Bab 3

74 15 14
                                    

Pagi merajai. Lingkar istana terlihat lebih hidup setelah satu minggu dalam masa berkabung. Para prajurit perang mulai aktif melakukan pelatihan. Aula pertemuan kerajaan kembali dipenuhi para petinggi dan pejabat berwenang.

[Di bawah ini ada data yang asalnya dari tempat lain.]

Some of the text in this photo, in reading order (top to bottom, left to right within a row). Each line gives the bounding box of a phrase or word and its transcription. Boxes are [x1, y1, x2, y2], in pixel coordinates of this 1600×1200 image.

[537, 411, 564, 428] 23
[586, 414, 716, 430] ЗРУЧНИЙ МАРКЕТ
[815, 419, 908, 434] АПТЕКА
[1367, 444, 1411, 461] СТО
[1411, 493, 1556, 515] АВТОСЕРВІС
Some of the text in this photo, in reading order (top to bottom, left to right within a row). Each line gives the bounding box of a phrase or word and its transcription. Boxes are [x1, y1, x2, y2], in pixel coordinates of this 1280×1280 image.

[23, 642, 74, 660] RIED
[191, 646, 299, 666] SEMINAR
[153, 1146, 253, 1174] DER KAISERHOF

Penasihat Yu menyimak seraya menajamkan pendengaran. Beberapa mulut pejabat sering mengeluarkan lidah runcing yang mampu menyayat siapa saja. Usulan tidak masuk akal bersama kuasa yang mereka miliki, membuat sang raja yang sejak awal memiliki kebencian terhadap wilayah-wilayah kecil sekaligus susah untuk ditaklukkan, menjadi lebih berapi-api karena dukungan beberapa pejabat kalangan atas.

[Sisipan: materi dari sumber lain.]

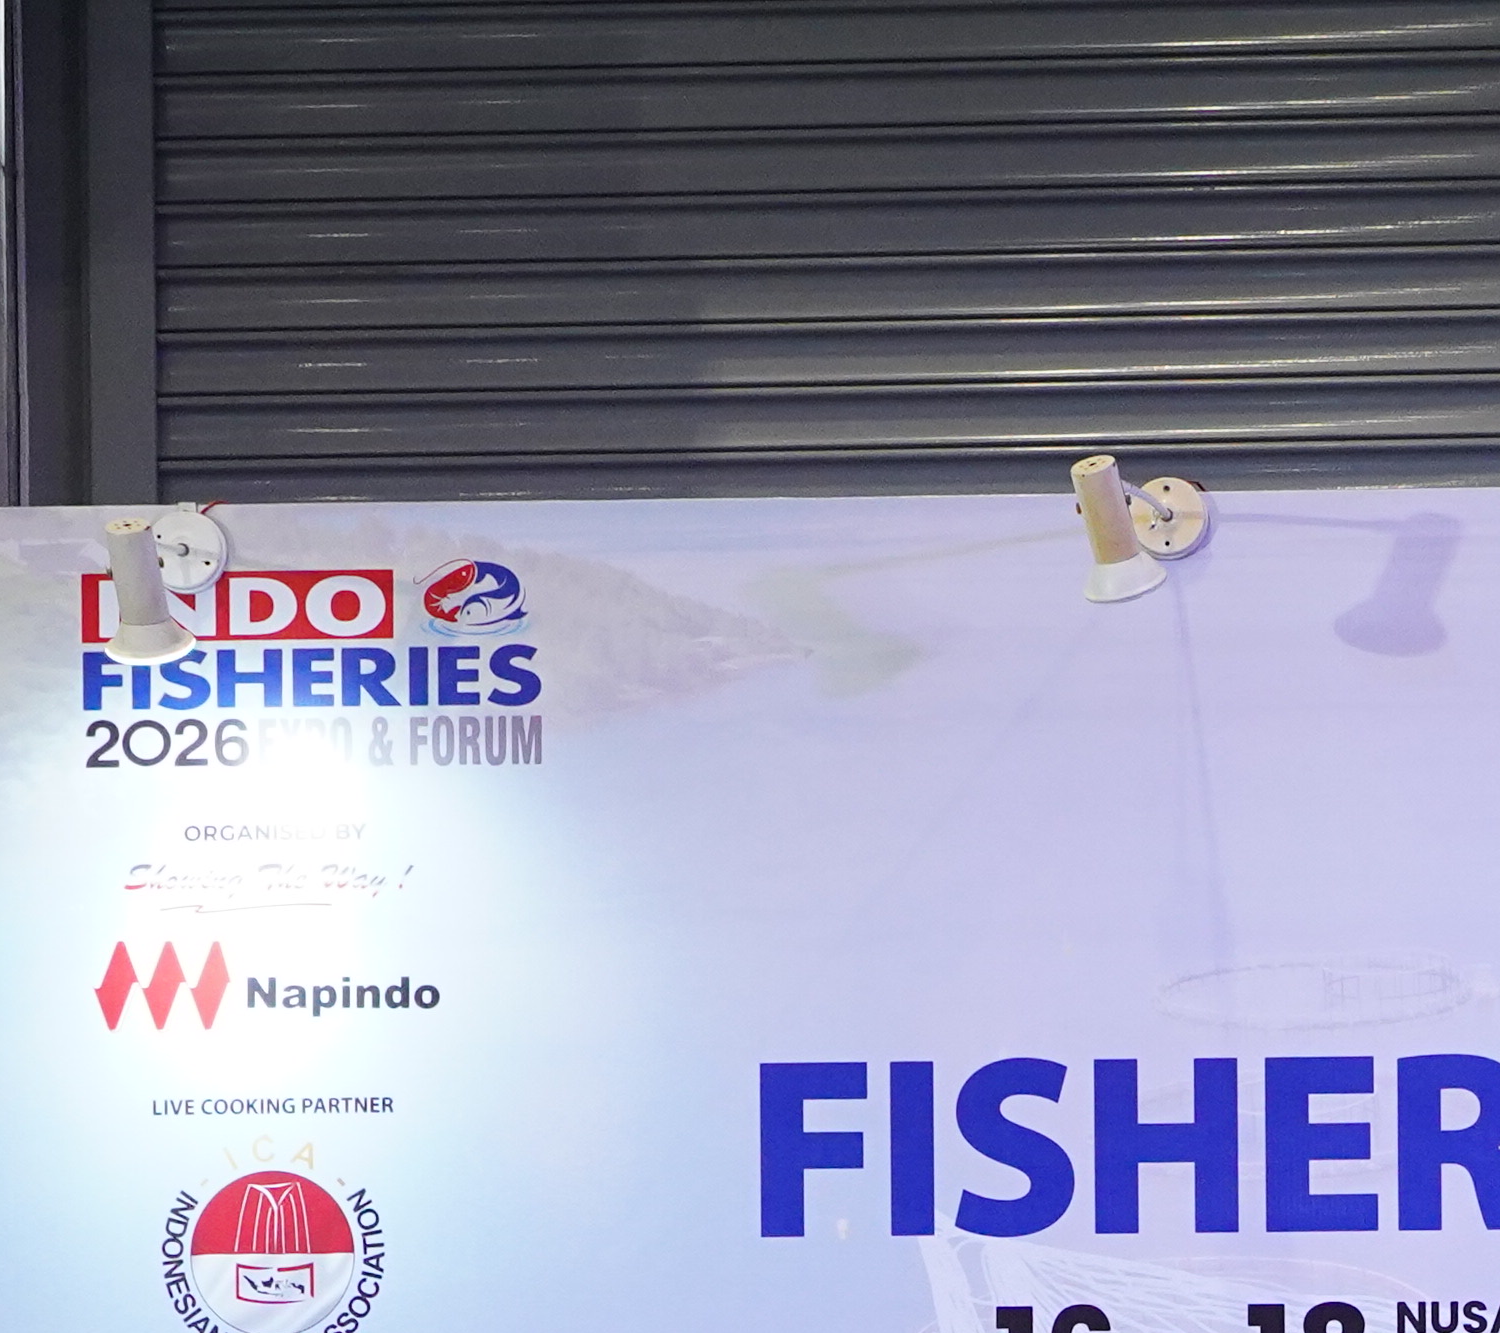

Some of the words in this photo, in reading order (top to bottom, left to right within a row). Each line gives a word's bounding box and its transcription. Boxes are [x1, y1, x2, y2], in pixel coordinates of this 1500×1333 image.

Penyerangan wilayah tanpa ada perencanaan matang, keputusan diambil dari sedikit persetujuan, memerintah karena merasa memiliki kuasa hingga menjadikan kalangan rakyat jelata sebagai sasaran. Pajak terlampau mencekik leher, pun tidak raja pedulikan. Keluhan dari beberapa kalangan seniman dan perwakilan klan kecil, hanya dianggap angin lalu.

"Maafkan hamba, Yang Mulia Raja. Tidak bisakah kita menurunkan pajak agar tidak ada lagi pemberontak dari wilayah-wilayah kecil?" Penasihat Yu mencoba mengubah keputusan sang raja yang sering kali diambil tanpa berpikir ulang. Satu-satunya orang terdekat Raja Qin yang mampu mengubah keputusan sang penguasa kerajaan agar tidak berlebihan dalam menindas rakyat.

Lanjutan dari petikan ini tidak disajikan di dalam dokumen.